A potentially explosive new market is starting to emerge as metro optical network service providers take advantage of DWDM technology to layer onto one strand of fiber multiple types of data that typically do not work well in a shared infrastructure.

"DWDM in the metro has an entirely different value proposition than DWDM in the long haul," says JR Roedel, vice president of strategic development for GiantLoop Networks. "In the long haul, DWDM is about cramming a bunch of traffic all onto one fiber strand to get better fiber utilization. The fiber utilization issue still comes into play in the metro, but it is not as important to get a lot of traffic on it. It is important to get different types of traffic onto that same network."

Connecting data centers is a primary driver for the use of private optical networks. Roedel cites a recent example of a large financial institution that wanted to collapse disparate SAN networks across two neighboring states into one virtual SAN. The nonoptical option cost about $750,000 per month. The private optical solution, including fiber, equipment, and managed care and control services came to roughly $150,000 per month.

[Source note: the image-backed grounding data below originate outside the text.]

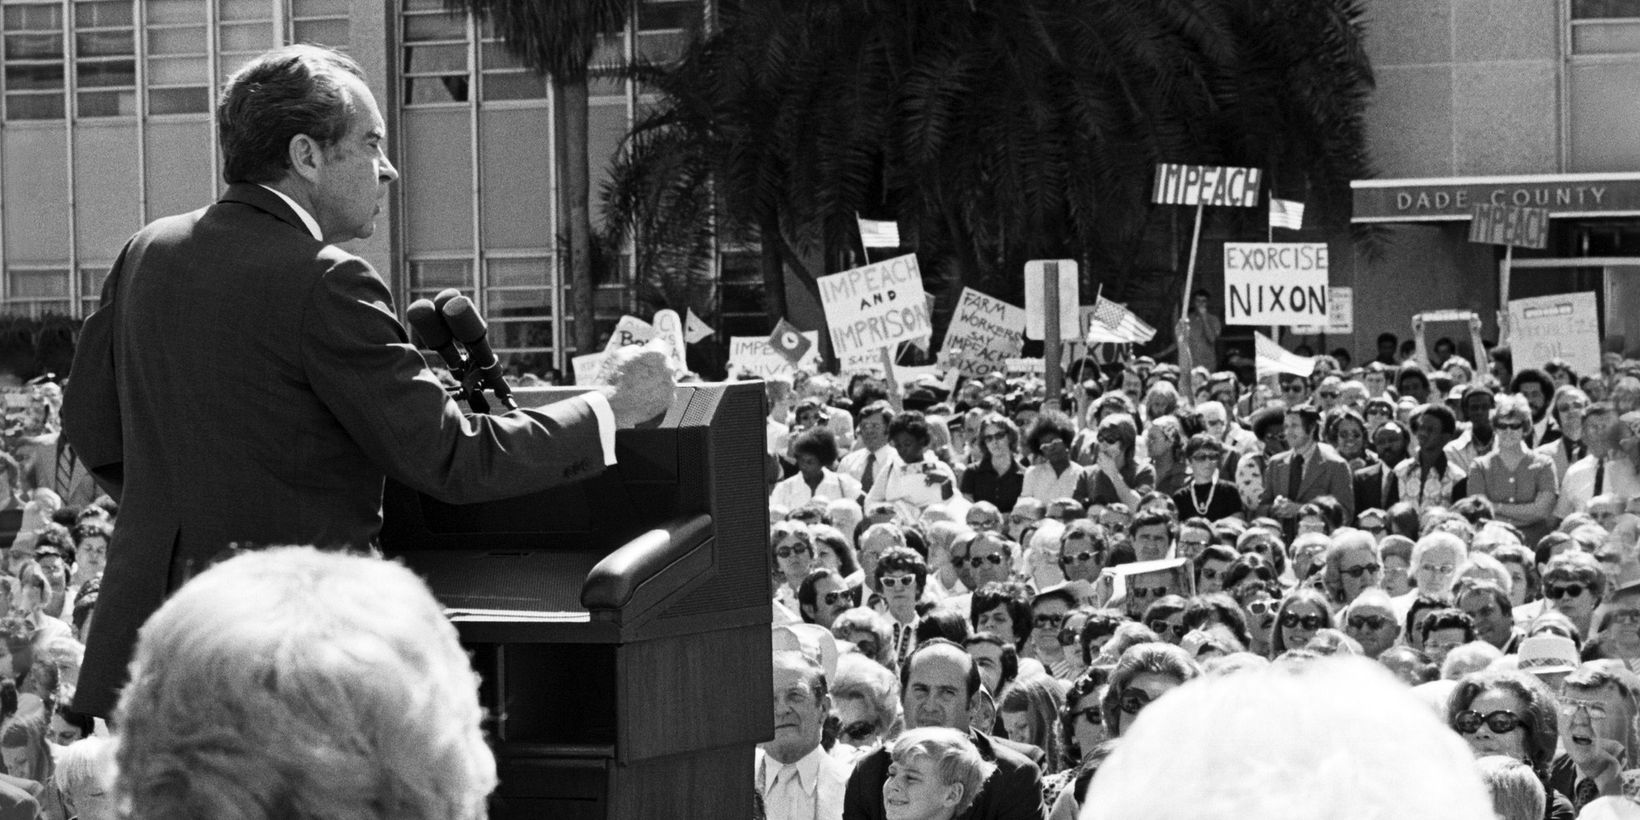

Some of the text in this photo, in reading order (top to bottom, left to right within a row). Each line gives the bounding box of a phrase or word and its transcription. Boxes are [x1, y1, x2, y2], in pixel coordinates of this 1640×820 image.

[1152, 163, 1262, 207] IMPEACH
[1397, 187, 1606, 210] DADE COUNTY
[1468, 204, 1549, 249] IMPEACH
[1227, 246, 1328, 270] EXORCISE
[821, 256, 921, 304] IMPEACH
[860, 290, 897, 311] AND
[963, 292, 1005, 320] FARM
[1229, 283, 1327, 317] NIXON
[832, 303, 932, 353] IMPRISON
[966, 331, 993, 346] SAY
[1059, 341, 1130, 366] IXON
[958, 360, 1006, 376] IXON
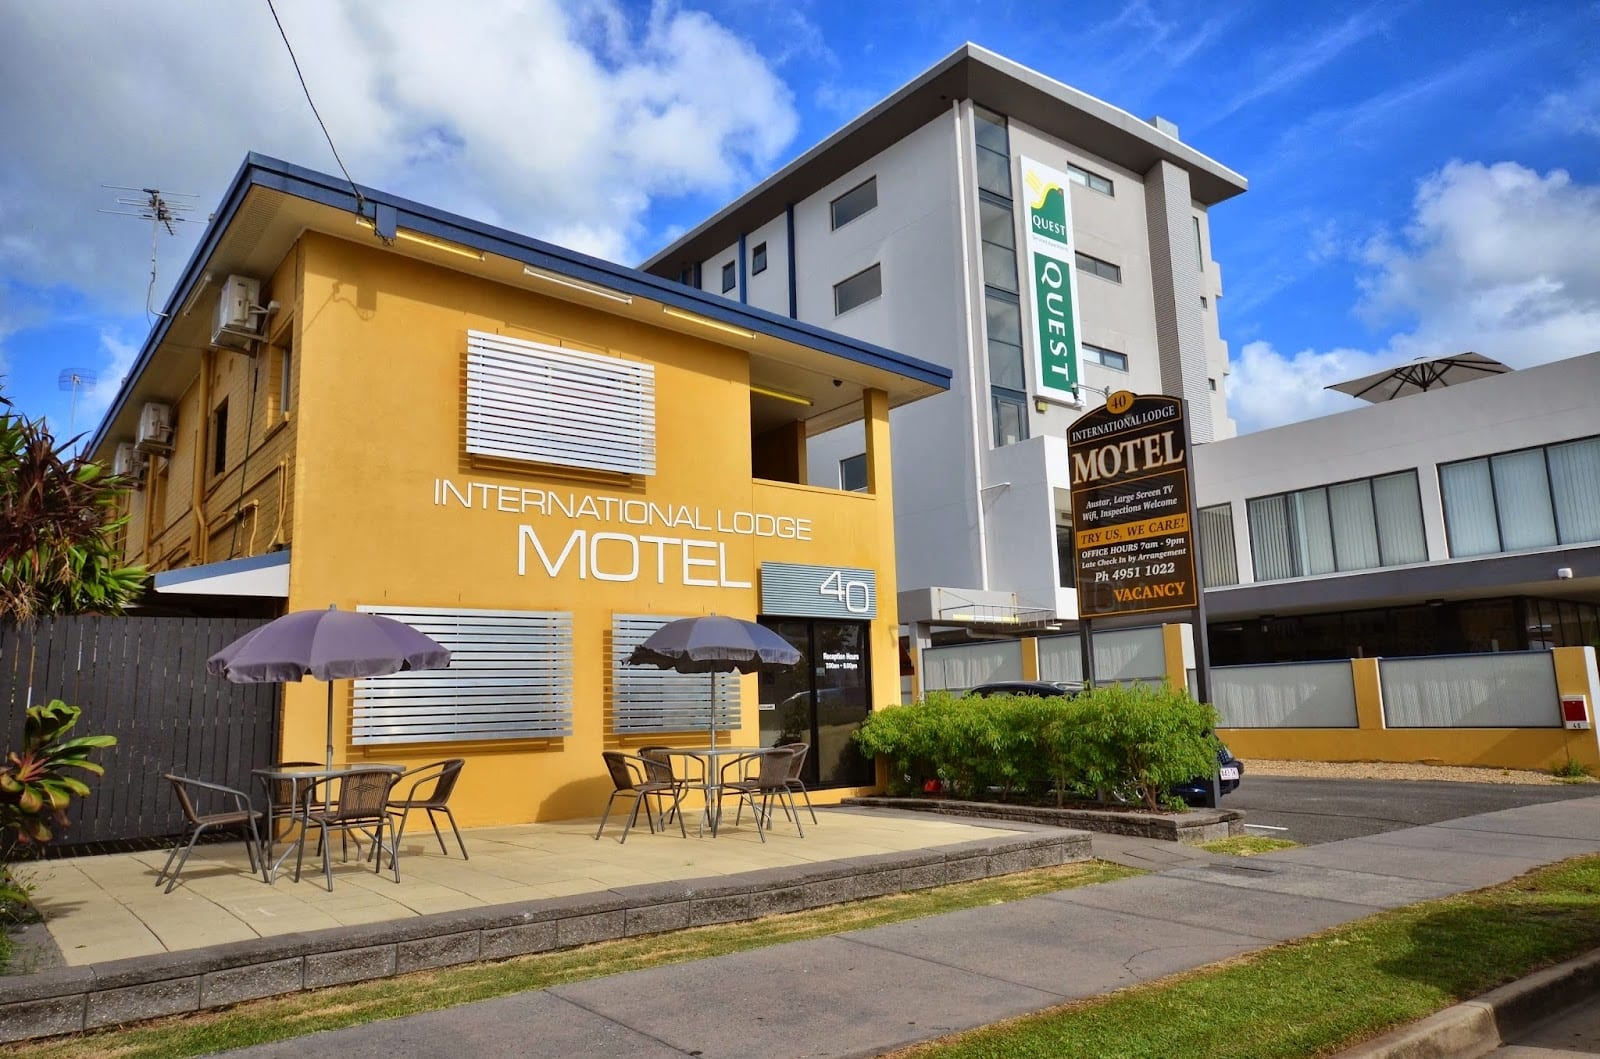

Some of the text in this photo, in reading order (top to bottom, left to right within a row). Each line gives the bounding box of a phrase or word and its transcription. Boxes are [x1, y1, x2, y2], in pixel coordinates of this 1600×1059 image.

[1033, 215, 1066, 236] QUEST
[1041, 261, 1069, 382] QUEST
[1111, 395, 1126, 409] 40
[1072, 405, 1176, 442] INTERNATIONAL LODGE
[1072, 430, 1184, 485] MOTEL
[434, 478, 813, 541] INTERNATIONAL LODGE
[1082, 497, 1178, 522] Wifi, Inspections Welcome
[1086, 485, 1174, 510] Austar, Large Screen TV
[1081, 517, 1185, 545] TRY US, WE CARE!
[517, 524, 752, 589] MOTEL
[1081, 548, 1109, 559] OFFICE
[1110, 543, 1138, 555] HOURS
[1140, 541, 1159, 549] 7am
[1165, 537, 1185, 547] 9pm
[1081, 548, 1187, 569] Late Check In by Arrangement
[1095, 562, 1175, 582] Ph 4951 1022
[820, 570, 869, 613] 40
[1113, 582, 1186, 602] VACANCY
[846, 652, 860, 660] Hours

"DWDM is very important technology," says Roedel. "It is huge factor for driving down the cost of private optical networking. The DWDM technology allowed us to use one physical set of strands ... to move multiple channels of information to the same end points."

According to a recent report from Cahners In-Stat Group, the installation of new fiber in the long-haul market will slow, resulting in an annual decline of 12% predicted for 2001. In contrast, short-term sales growth is expected for DWDM equipment among the metro carriers. This represents a new market, one that did not exist as recently as 1999, and that reached about $900 million in the year 2000. By 2005, the market is anticipated to be worth nearly $21 billion per year.

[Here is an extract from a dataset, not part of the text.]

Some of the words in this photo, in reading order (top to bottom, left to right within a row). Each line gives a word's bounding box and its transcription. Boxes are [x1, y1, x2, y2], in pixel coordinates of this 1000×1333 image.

Citing an end of first-quarter increase in companies considering metro optical networks, Roedel comments, "It seems to have changed from something that just early adopter players were doing, to include some mainstream companies." Roedel concludes from this that "the next 12 months should be a period of fantastic growth for optical to the enterprise."

The next step for this quickly emerging market is for companies to standardize their equipment and increase interoperability. "Right now, you have a very immature DWDM equipment market in the metro," says Roedel. "The next major challenge is what technology standards will begin to evolve."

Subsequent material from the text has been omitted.